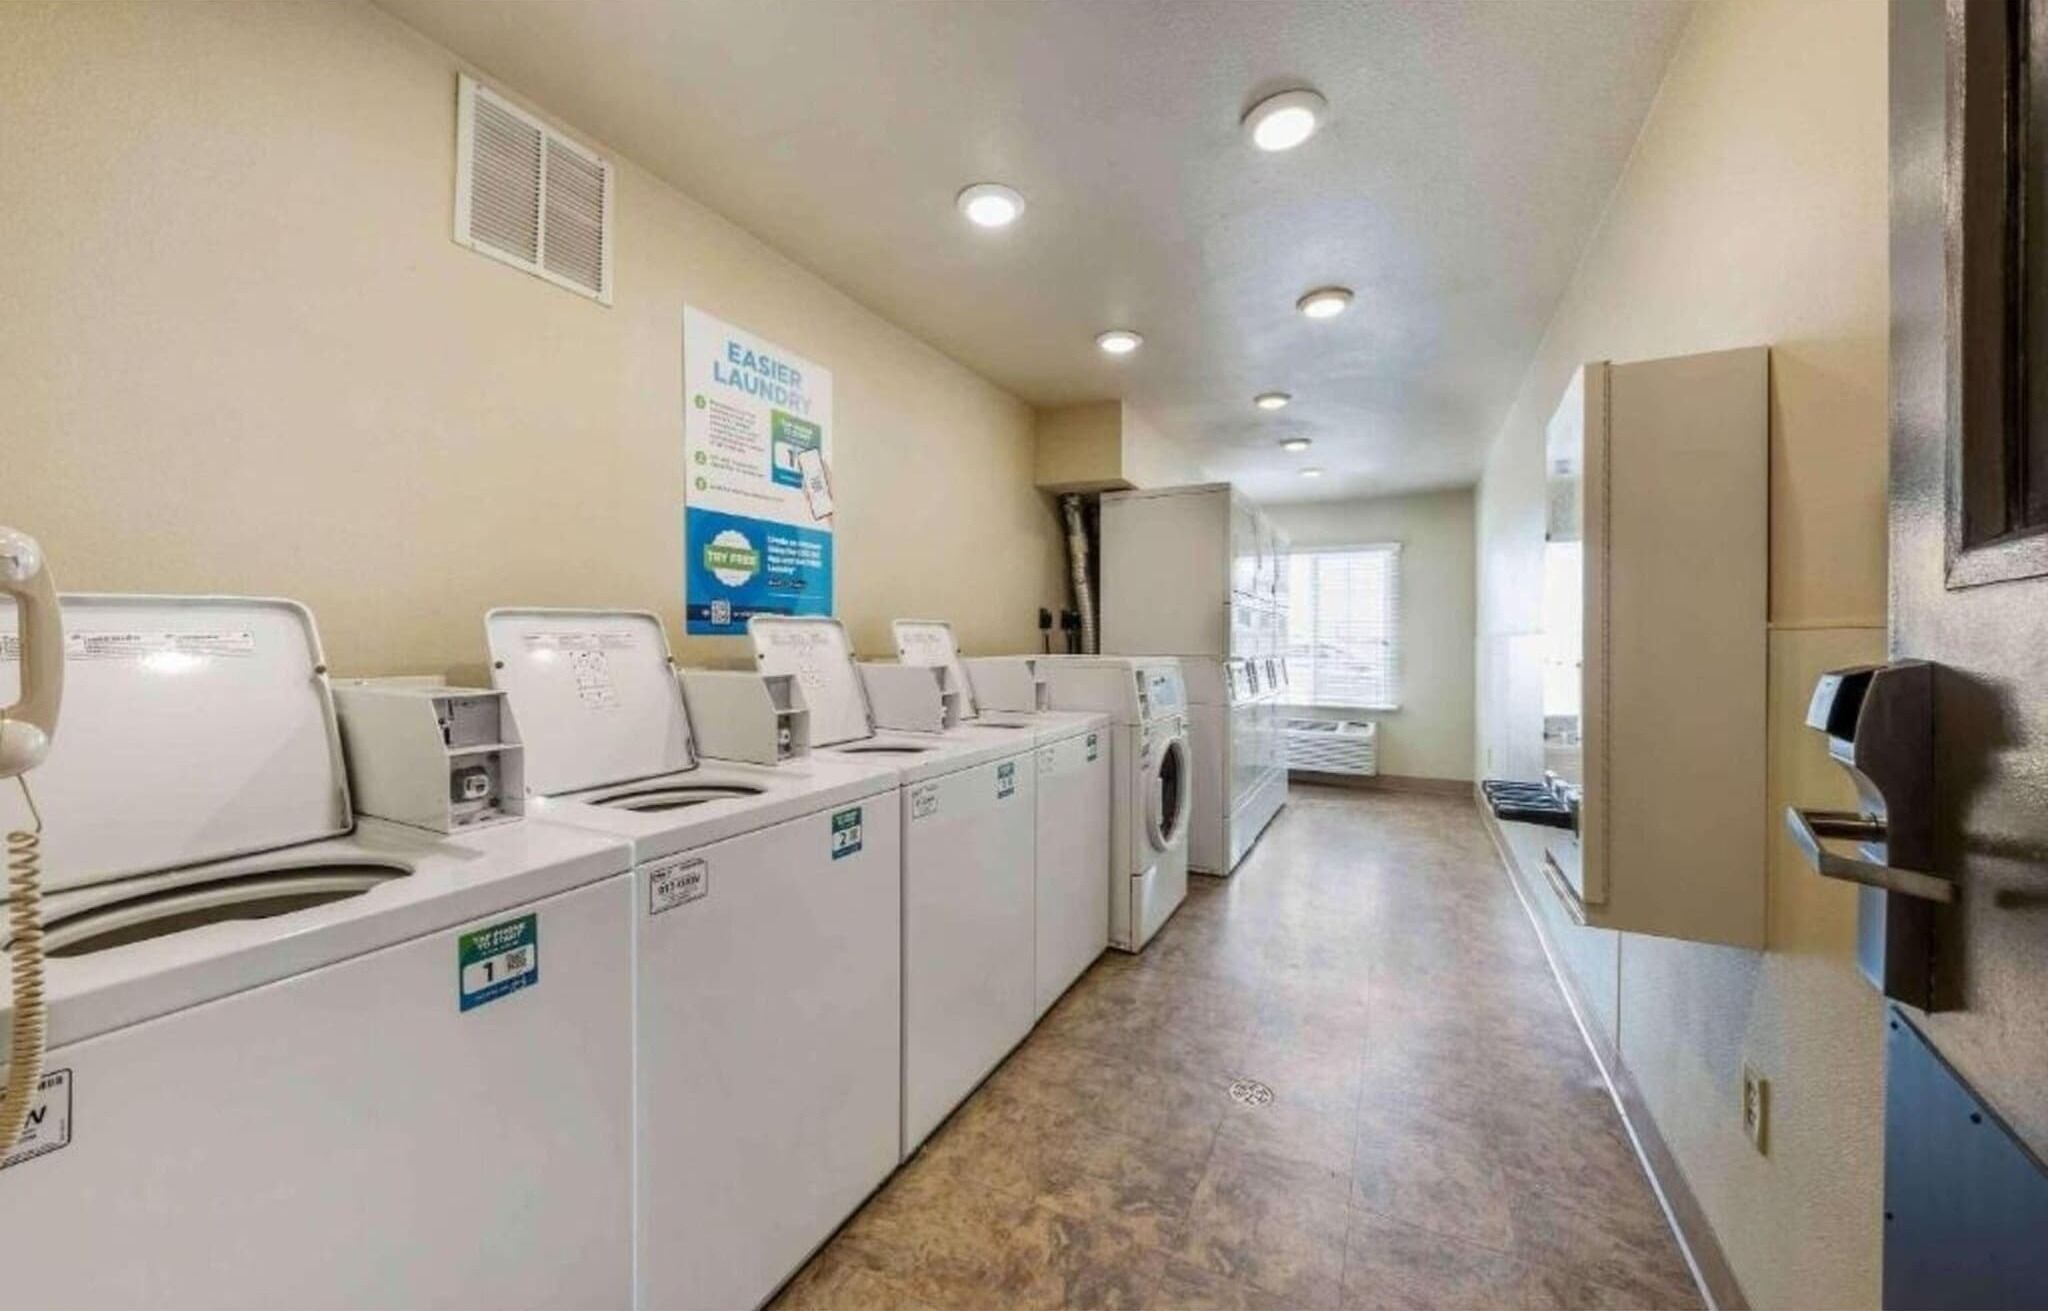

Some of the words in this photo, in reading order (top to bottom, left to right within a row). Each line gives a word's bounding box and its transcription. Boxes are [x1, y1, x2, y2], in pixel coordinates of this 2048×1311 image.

[728, 341, 801, 389] EASIER
[714, 361, 811, 415] LAUNDRY
[706, 550, 728, 563] TRY
[729, 553, 757, 567] FREE
[483, 962, 493, 981] 1

ABOUT THIS TASK - Exact repetition of all the records is required, with the pictures excluded.

EXPECTED ANSWER -
Some of the words in this photo, in reading order (top to bottom, left to right within a row). Each line gives a word's bounding box and its transcription. Boxes are [x1, y1, x2, y2], in pixel coordinates of this 2048×1311 image.

[728, 341, 801, 389] EASIER
[714, 361, 811, 415] LAUNDRY
[706, 550, 728, 563] TRY
[729, 553, 757, 567] FREE
[483, 962, 493, 981] 1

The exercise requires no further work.